Submitted to: Meeting Abstract
Publication Type: Abstract Only
Publication Acceptance Date: 8/30/2012
Publication Date: 8/30/2012
Citation: Abbas, C.A., Sparks, M.L., Smith, K.J., Kurtzman, C.P. 2012. Screening Saccharomyces cerevisiae Distillery Strains in Industrial Media. Meeting Abstract. Interpretive Summary:
Technical Abstract: Twenty-four distillery yeast strains were obtained from the ARS Culture Collection (NRRL) in Peoria, IL, and screened for ethanol production at 30 and 35°C using industrial media. The medium used in the tests consisted of corn mash prepared by combining coarse ground corn, water, and stillage from an ethanol producing facility. The pH of the stillage was adjusted to 6.0 using a 50% solution of sodium hydroxide before cooking the medium. After cooking and cooling of the preparation, the pH was adjusted to 4.5 using 4M sulfuric acid and sterilized at 121°C for 60 minutes. One hundred ml of the sterilized medium was dispensed into 250 ml non-baffled sterile flasks.
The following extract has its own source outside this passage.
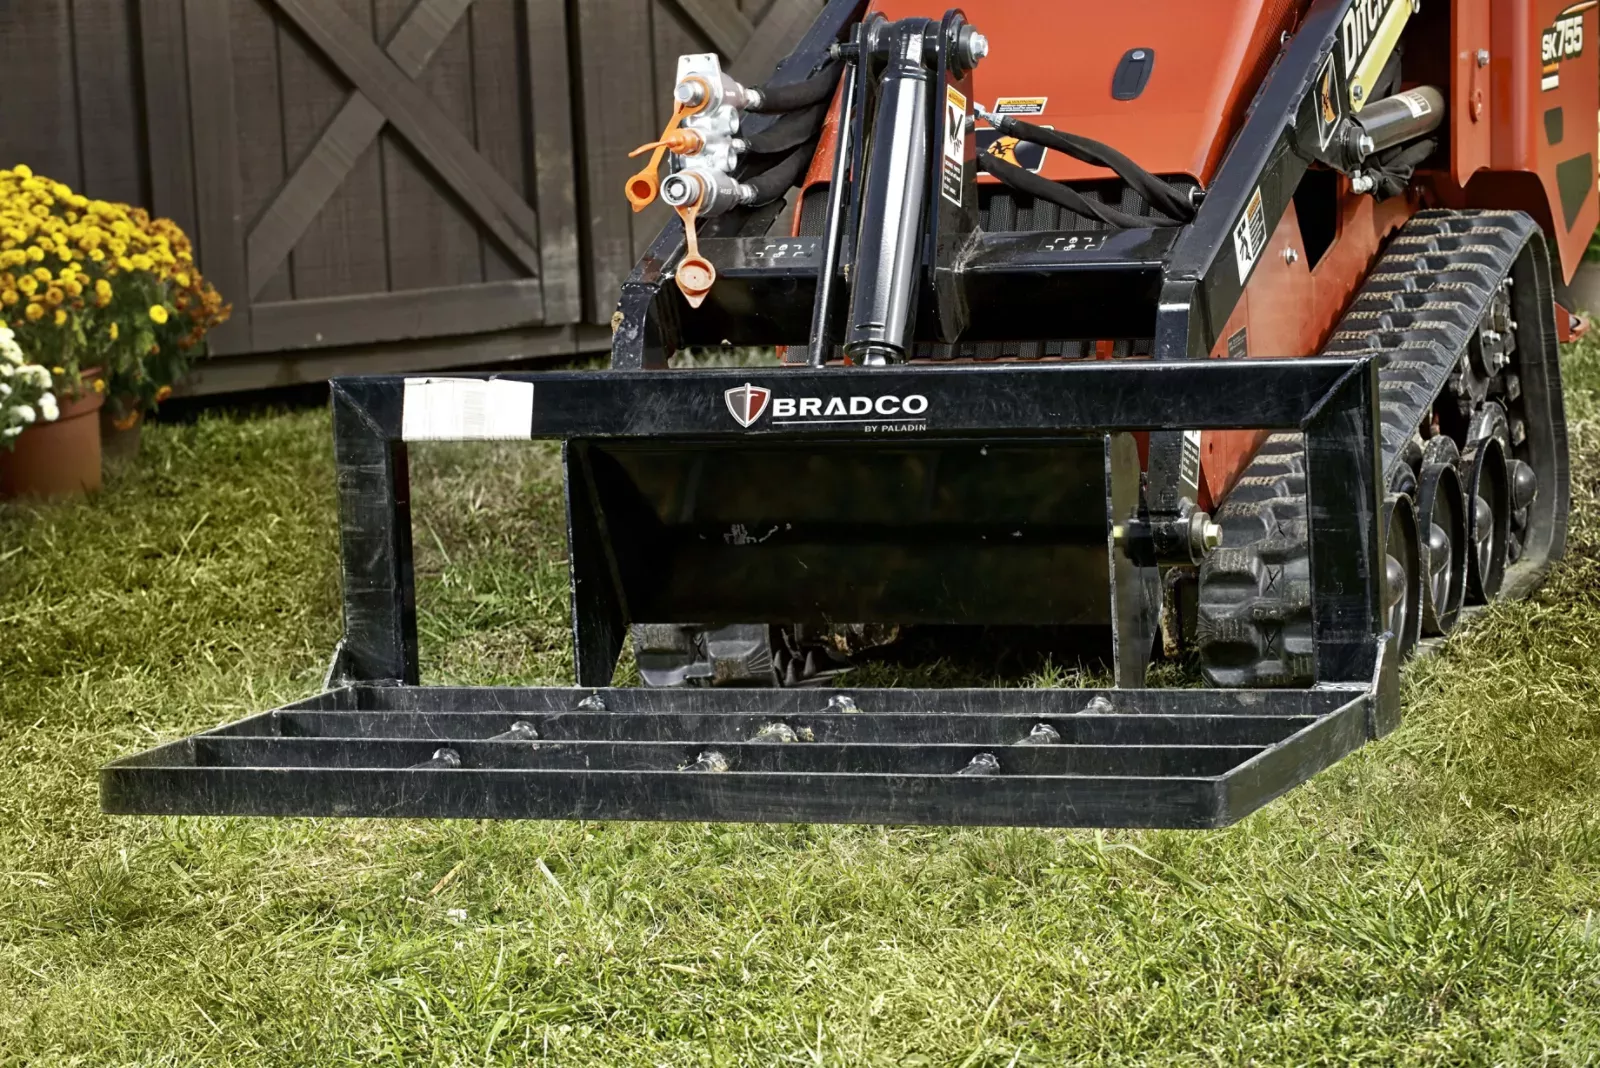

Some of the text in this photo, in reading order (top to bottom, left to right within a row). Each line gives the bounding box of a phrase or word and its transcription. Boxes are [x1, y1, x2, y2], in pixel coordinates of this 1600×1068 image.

[1541, 15, 1583, 61] SK755
[772, 394, 929, 417] BRADCO
[864, 424, 927, 433] BY PALADIN
Duplicate flasks were inoculated with different strains of yeasts (1×108 cells/ml). Prior to inoculation, 50 µl aliquots of glucoamylase were added to each flask. The yeast inoculum was standardized by measuring viability and cell counts were determined in a methylene blue solution. The shake flasks were incubated at 30 or 35°C with agitation set at 250 rpm. The flasks were sampled at 24, 48, and 72 hours. A peak ethanol concentration for both temperatures was observed at 48 hours with the majority of glucose being utilized by then. The top three strains of Saccharomyces cerevisiae produced ethanol in the range of 14.4-14.9% v/v at 30°C. By comparison, the top three strains produced ethanol in the range of 14.1-14.2% v/v at 35°C. At both temperatures, the highest glycerol concentration ranged from 10.3-11.2 g/l with total organic acids (acetic, lactic) in the range of 0.8-1.2 g/l. The total residual sugars remaining at 30°C were 4.7-5.6 g/l and at 35°C were 5.2-6.2 g/l. Further testing of the best selected strains is planned to establish robustness under industrial conditions in laboratory scale fermentors in batch and in continuous mode.